# In todays Daily mail - Ozzy Croc!!!!!



## The_Elemental (Aug 24, 2009)

For all the Daily Star readers out there who may have missed todays Daily Mail :Na_Na_Na_Na:

Crocodile Brutus shocks tourists in Adelaide | Mail Online

Steve


----------



## kirky1980 (Apr 4, 2010)

The_Elemental said:


> For all the Daily Star readers out there who may have missed todays Daily Mail :Na_Na_Na_Na:
> 
> Crocodile Brutus shocks tourists in Adelaide | Mail Online
> 
> Steve


i dont read any papers because there all full of crap lol but that is incredible. im shocked the young kid only said holy crap, i reckon id have a few more choice words than that lol


----------



## Whosthedaddy (Nov 29, 2009)

Damn I never saw that when I was living in Adelaide!


----------



## SWMorelia (May 15, 2007)

Brown trouser time, springs to mind........


----------



## steve25 (Apr 21, 2009)

Is it me or do you reckon hes prob bigger than 18ft too?

Must have been well hungry to go after that little bit of kangaroo meat.

Awesome pic tho!


----------



## ChopChop (Mar 18, 2011)

Bigger than 18 foot or not i doubt it weighs "Two-ton" and more like it arm was taken off buy another male crocodile....

Just putting that in because papers are full of crap :whip:

Great pic tho that definitely is a big croc :2thumb:


----------



## tigersnake (Sep 30, 2007)

Just to say, the croc. was in the Adelaide River in North Australia. Adelaide is too far south for crocodiles to survive.
Cheers,
Brian.


----------



## boa mad (Jul 3, 2007)

i think its fake me surley the head of the croc is bout 5ft or 6ft so it wouldd be a monster croc 20ft easly like and i dnt know how far south a croc can take but if tigersnake is correct least i can tell all me m8s i was ryt its fake like lol


----------



## kettykev (May 15, 2009)

Strange that there are no drops of water coming from its body, it looks very dry.


----------



## scottishsany (Nov 5, 2009)

*croc*

pic look's fake to me look at the size of head to the human's body with stick


----------



## Nix (Jan 23, 2008)

Pic looks like a fake, outline of the croc is all wrong against the backdrop. Likely the pic was of a croc jumping up and a bigger/closer croc/CGI pic is grafted on.


----------



## londonjoe (Apr 11, 2011)

if that crocodile is real it must be over 20ft


----------



## londonjoe (Apr 11, 2011)

this is another saltwater crocodile caught it was 23ft long and thats the truth. and it doesnt look half as big as that 18ft crocodile


----------



## The_Elemental (Aug 24, 2009)

boa mad said:


> i think its fake me surley the head of the croc is bout 5ft or 6ft so it wouldd be a monster croc 20ft easly like and i dnt know how far south a croc can take but if tigersnake is correct least i can tell all me m8s i was ryt its fake like lol





kettykev said:


> Strange that there are no drops of water coming from its body, it looks very dry.





scottishsany said:


> pic look's fake to me look at the size of head to the human's body with stick





Nix said:


> Pic looks like a fake, outline of the croc is all wrong against the backdrop. Likely the pic was of a croc jumping up and a bigger/closer croc/CGI pic is grafted on.
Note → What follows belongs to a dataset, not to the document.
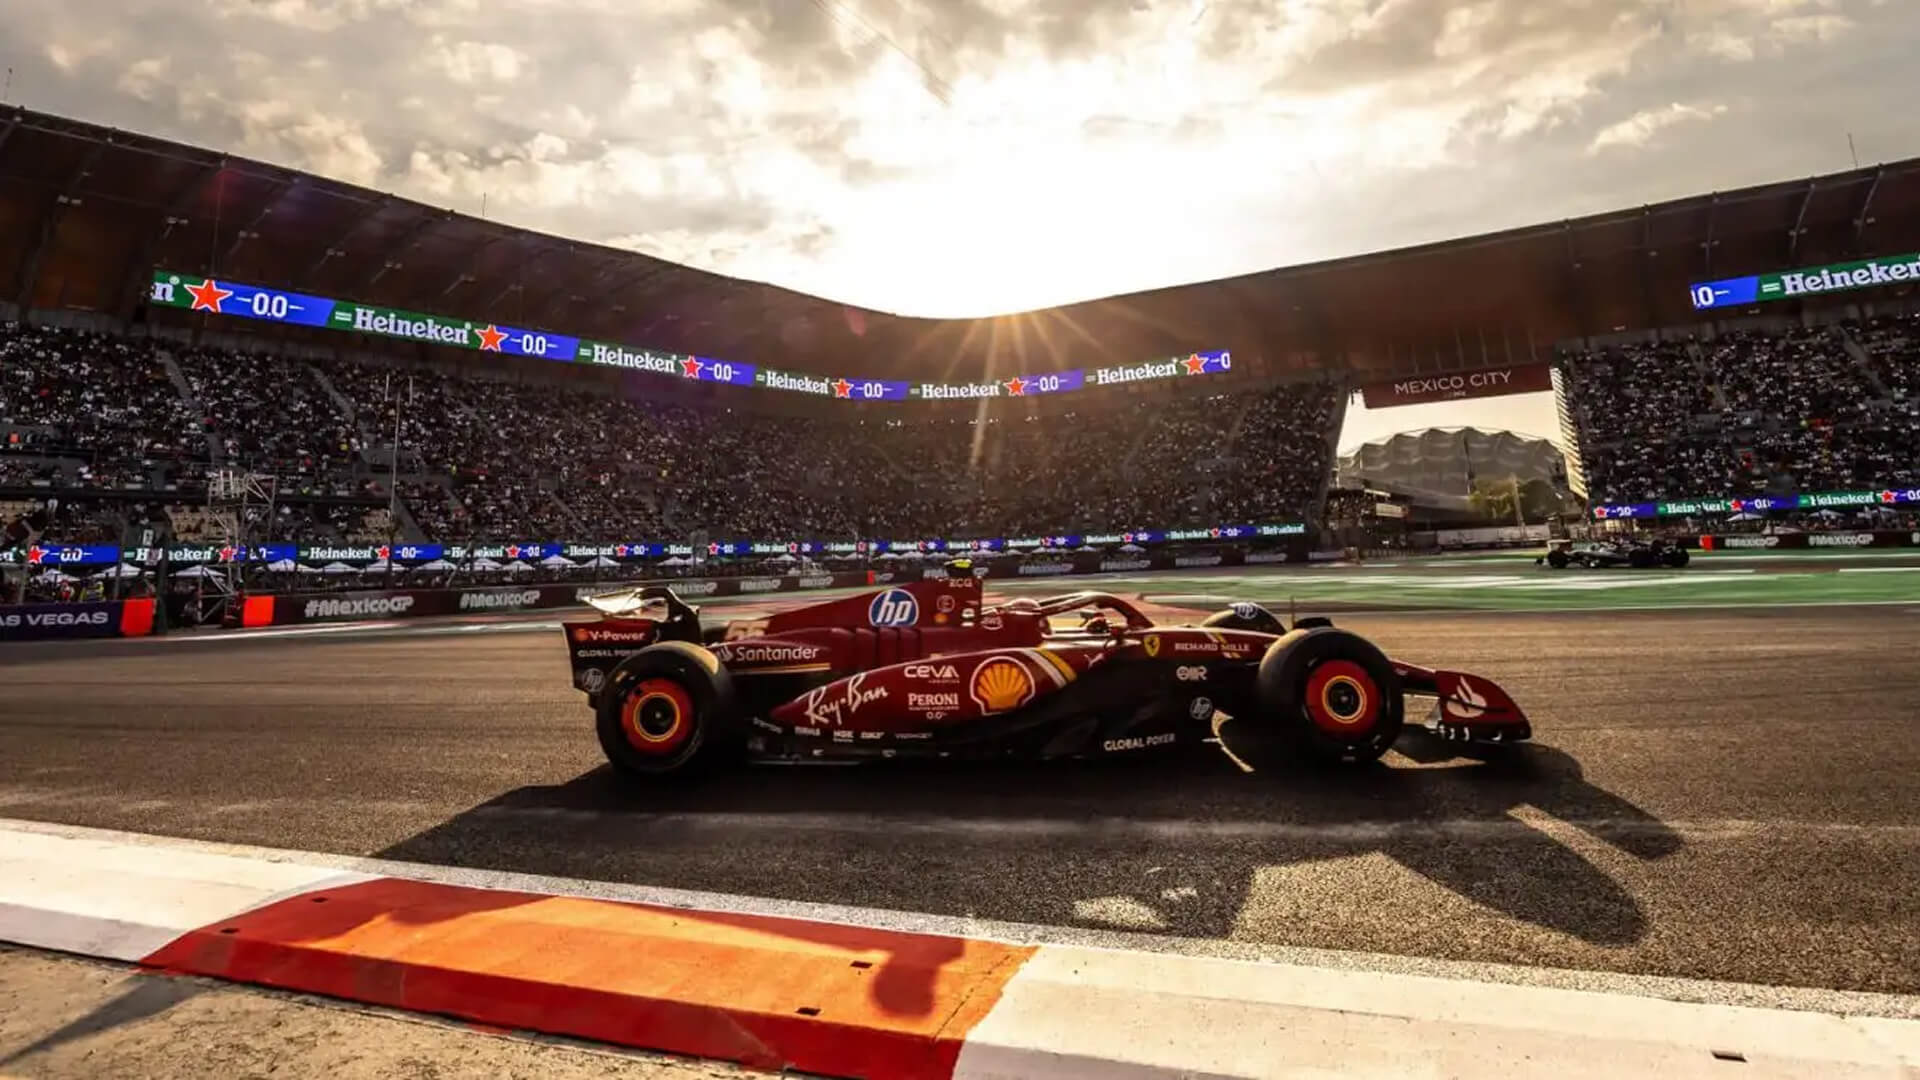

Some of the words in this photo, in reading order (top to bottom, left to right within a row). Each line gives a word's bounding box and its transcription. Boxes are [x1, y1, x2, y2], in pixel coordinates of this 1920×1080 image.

For all you doubters out there, here's some video ‪In Search Of Brutus The Giant Crocodile‬‏ - YouTube

There's an even a bigger one in the river :gasp:

Steve


----------



## ChopChop (Mar 18, 2011)

The Dominator haha....20ft thats a big croc!!

I dindnt think the picture was fake but I think it is still a bit of a trick of the camra!!

Great to see these large crocs in there natural envoroment.

Good link :no1:


----------



## The_Elemental (Aug 24, 2009)

ChopChop said:


> The Dominator haha....20ft thats a big croc!!
> 
> I dindnt think the picture was fake but I think it is still a bit of a trick of the camra!!
> 
> ...


I didn't think is was a fake either, everyone in the picture is looking up.

Always wanted to go on one of these trips ever since a mate of mine told me about them when he lived in Darwin.

He never went on one as he's s:censor:t scared of water and boats (probably crocs aswell), ironically he use to work for the Australian coast guard :bash:

Steve


----------



## wayakinwolf (Oct 6, 2006)

Wow i didn`t think the pic was a fake either as like said already all the people were looking up. Having just seen the video on UTube as well convinces me for sure. That is one big croc by anyones standards.:notworthy:


----------